L'ESSENTIALITÉ


Jasmine Cyr Gagné, 7 jours, 2 ans


Ce que nous entendons par l'essentialité, c'est un changement radical de point de vue sur tout ce qui touche de près ou de loin la spiritualité. Les religions ont depuis toujours mis l'accent sur un Dieu extérieur au Soi, sur la projection d'un être suprême, escortée par tout un cortège d'intermédiaires appelés: prophètes, saints, prêtres, religieux, pour ne citer que ceux-là. Ces derniers ont formulé sur terre un nombre incalculable de croyances, de rituels, de prières, de valeurs, tout aussi bizarres d'une religion à l'autre.

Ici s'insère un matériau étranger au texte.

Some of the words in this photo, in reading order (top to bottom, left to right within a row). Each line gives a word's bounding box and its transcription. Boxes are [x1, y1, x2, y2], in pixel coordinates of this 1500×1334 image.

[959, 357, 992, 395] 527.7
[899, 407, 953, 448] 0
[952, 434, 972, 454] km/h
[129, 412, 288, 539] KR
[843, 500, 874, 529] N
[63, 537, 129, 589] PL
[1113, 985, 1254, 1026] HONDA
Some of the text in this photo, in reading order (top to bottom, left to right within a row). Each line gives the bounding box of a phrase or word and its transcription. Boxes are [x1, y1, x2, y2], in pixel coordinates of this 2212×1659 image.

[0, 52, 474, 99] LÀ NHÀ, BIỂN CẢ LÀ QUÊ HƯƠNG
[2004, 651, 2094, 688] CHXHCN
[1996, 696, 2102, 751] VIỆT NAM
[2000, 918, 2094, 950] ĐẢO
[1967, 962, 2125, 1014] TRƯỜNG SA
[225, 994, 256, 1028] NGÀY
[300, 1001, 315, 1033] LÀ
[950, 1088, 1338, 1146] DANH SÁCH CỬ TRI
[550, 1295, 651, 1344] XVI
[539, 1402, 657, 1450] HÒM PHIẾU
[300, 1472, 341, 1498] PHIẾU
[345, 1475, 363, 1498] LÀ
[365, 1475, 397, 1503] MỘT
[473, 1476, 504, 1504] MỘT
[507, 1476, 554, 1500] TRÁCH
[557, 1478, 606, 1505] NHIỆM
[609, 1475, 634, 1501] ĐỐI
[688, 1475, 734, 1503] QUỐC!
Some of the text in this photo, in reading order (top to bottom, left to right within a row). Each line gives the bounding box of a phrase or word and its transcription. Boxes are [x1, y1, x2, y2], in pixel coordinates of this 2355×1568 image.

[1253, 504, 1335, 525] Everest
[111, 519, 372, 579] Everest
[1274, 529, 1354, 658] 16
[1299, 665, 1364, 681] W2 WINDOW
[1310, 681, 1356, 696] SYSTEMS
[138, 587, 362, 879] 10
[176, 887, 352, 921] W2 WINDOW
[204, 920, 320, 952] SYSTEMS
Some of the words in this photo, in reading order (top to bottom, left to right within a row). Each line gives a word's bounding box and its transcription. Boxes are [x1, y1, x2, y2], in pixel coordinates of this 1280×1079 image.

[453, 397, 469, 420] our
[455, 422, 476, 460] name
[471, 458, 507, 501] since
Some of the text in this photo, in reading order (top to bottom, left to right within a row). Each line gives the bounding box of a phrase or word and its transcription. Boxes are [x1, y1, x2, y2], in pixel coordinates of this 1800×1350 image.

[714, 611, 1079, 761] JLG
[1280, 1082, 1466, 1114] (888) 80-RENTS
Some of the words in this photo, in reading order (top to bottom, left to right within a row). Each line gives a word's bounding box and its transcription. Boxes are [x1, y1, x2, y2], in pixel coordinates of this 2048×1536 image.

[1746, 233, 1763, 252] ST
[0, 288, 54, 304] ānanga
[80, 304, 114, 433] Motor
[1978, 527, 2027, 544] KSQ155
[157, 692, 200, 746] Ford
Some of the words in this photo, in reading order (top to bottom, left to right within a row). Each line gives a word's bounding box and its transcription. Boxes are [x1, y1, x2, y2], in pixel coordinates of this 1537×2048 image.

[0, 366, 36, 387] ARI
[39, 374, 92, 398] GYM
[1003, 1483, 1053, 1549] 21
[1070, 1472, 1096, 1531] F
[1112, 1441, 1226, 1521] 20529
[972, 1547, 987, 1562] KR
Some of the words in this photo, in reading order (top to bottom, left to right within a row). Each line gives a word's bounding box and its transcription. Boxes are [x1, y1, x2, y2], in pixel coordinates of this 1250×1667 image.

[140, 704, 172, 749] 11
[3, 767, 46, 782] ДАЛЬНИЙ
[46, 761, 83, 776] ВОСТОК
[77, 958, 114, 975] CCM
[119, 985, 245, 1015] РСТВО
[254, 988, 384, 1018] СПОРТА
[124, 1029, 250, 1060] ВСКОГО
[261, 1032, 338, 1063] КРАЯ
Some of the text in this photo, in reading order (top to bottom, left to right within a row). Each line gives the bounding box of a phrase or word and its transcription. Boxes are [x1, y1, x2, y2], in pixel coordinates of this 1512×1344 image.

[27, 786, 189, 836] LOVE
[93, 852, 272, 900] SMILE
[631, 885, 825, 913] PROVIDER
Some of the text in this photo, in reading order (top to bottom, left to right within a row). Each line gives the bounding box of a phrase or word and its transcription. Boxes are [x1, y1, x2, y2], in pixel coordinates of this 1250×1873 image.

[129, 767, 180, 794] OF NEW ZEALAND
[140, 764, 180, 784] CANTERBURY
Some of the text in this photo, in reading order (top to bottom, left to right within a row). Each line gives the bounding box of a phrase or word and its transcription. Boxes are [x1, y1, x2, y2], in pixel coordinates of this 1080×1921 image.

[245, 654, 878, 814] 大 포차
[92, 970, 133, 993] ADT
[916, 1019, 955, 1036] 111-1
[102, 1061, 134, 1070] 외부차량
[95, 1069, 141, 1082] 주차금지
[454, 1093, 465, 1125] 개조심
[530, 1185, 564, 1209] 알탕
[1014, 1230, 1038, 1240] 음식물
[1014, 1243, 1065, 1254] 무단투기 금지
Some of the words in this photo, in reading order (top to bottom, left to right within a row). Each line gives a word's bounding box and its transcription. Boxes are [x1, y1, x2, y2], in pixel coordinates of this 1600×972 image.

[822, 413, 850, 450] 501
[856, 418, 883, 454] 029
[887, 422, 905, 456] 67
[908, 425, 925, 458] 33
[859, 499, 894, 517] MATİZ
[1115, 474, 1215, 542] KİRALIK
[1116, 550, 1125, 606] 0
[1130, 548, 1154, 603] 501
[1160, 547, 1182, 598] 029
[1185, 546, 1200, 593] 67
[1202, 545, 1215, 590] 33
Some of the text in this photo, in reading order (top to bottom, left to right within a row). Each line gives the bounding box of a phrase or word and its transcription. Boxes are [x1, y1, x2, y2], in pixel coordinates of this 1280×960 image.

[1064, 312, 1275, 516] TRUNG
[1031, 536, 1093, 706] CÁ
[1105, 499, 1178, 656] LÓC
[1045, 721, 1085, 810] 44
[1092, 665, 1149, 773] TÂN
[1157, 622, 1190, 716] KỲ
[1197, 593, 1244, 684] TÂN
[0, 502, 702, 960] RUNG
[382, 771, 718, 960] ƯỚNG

Qui plus est, tous les mouvements spirituels génèrent des égrégores qui, à leur tour, adombrent les chefs spirituels et les membres. Cela a pour effet de polariser l'espace intérieur de tous les fidèles, dont la plupart n'osent plus se référer à leurs propres pensées. L'escroquerie de la religion est donc d'éluder la conscience de manière à l'empêcher de réaliser le Soi.

En âme et conscience, nous sommes tellement fixés sur Dieu, sur le Seigneur, sur une déité projetée, nous sommes tellement préoccupés à satisfaire tant d'activités accessoires: rituels, prières, lectures, croyances, obligations, travaux, que nous ne devenons jamais vraiment conscient de notre Êtreté au-delà de tout ce formatage spirituel. Les activités religieuses ou spirituelles ne peuvent, autant que faire ce peu, qu'apporter un baume à la souffrance due à l'isolement de notre conscience de sa contrepartie Supérieure.


L'essentialité met le mental au repos et interpelle la conscience de manière à ce qu'elle retourne toute l'attention sur elle-même avec comme questionnement ultime: qui suis-je? Le fait d'aller constamment dans la direction du «je suis», sans essayer de le définir, nous amène à redécouvrir notre état d'innocence hérité à la naissance. En venant au monde, notre conscience est mise à neuf dans son état de Luminosité native, sans identification, sans pensée, sans langage, sans connaissance, sans identité et sans égo. Vue depuis le mental et la personnalité, cette conscience à l'état pur fait office de néant.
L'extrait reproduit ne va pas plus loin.